Vor 75 Jahren Todesmarsch aus dem KZ Flossenbürg erreicht Sünching

Über 15 000 Häftlinge waren zuletzt im KZ Flossenbürg auf engstem Raum zusammengepfercht. Foto: Neumann

In diesem Monat April erinnert sich Deutschland daran, dass vor 75 Jahren der Zweite Weltkrieg durch den Einmarsch der alliierten Truppen beendet wurde. Sünching ist damals von Kriegshandlungen Gott sei Dank weitgehend verschont geblieben. Mit diesem Thema befasste sich in den letzten Wochen auch der Sünchinger Ortsheimatpfleger Willi Zölch.
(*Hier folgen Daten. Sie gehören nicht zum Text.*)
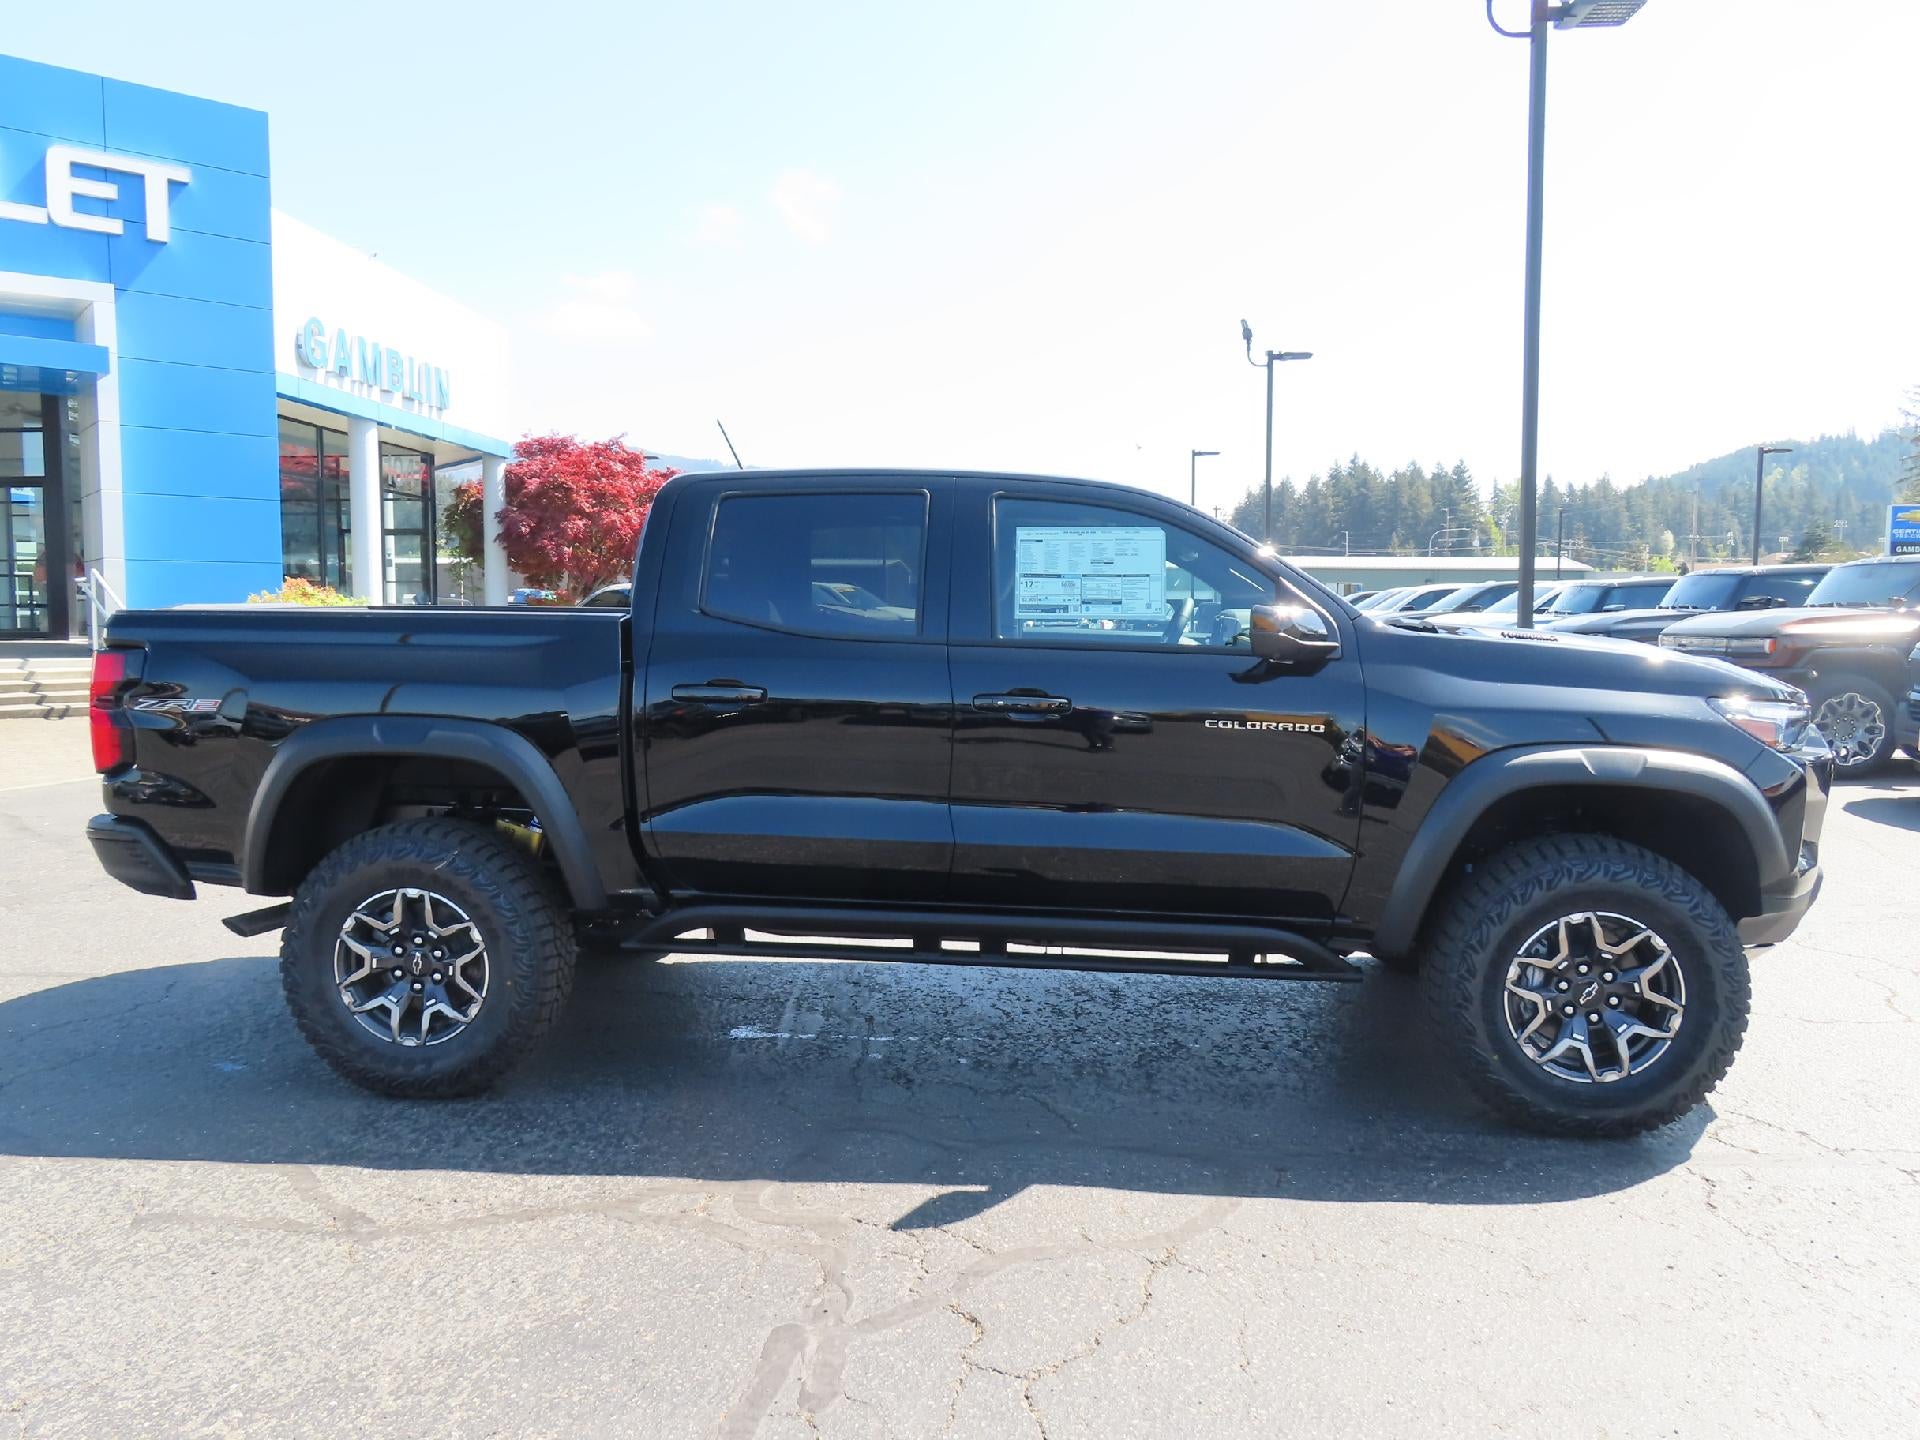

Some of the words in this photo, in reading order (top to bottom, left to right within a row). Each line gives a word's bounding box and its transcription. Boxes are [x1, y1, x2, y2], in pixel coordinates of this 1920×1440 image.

[297, 315, 450, 411] GAMBLIN
[134, 698, 222, 711] ZR2
[1204, 719, 1325, 733] COLORADO
Wie er berichtet, bot sich zwei Tage vor dem Einmarsch der US-Truppen in Sünching der Bevölkerung ein unsägliches Bild des Schreckens. Etwa 300 Häftlinge, abgemagert bis zum Skelett, mit kahl geschorenen Köpfen, eingehüllt in gestreifte, zerlumpte Sträflingsanzüge, schleppten sich durch Sünching und Haidenkofen. Ausgangspunkt dieses Todesmarsches war das Konzentrationslager Flossenbürg bei Weiden.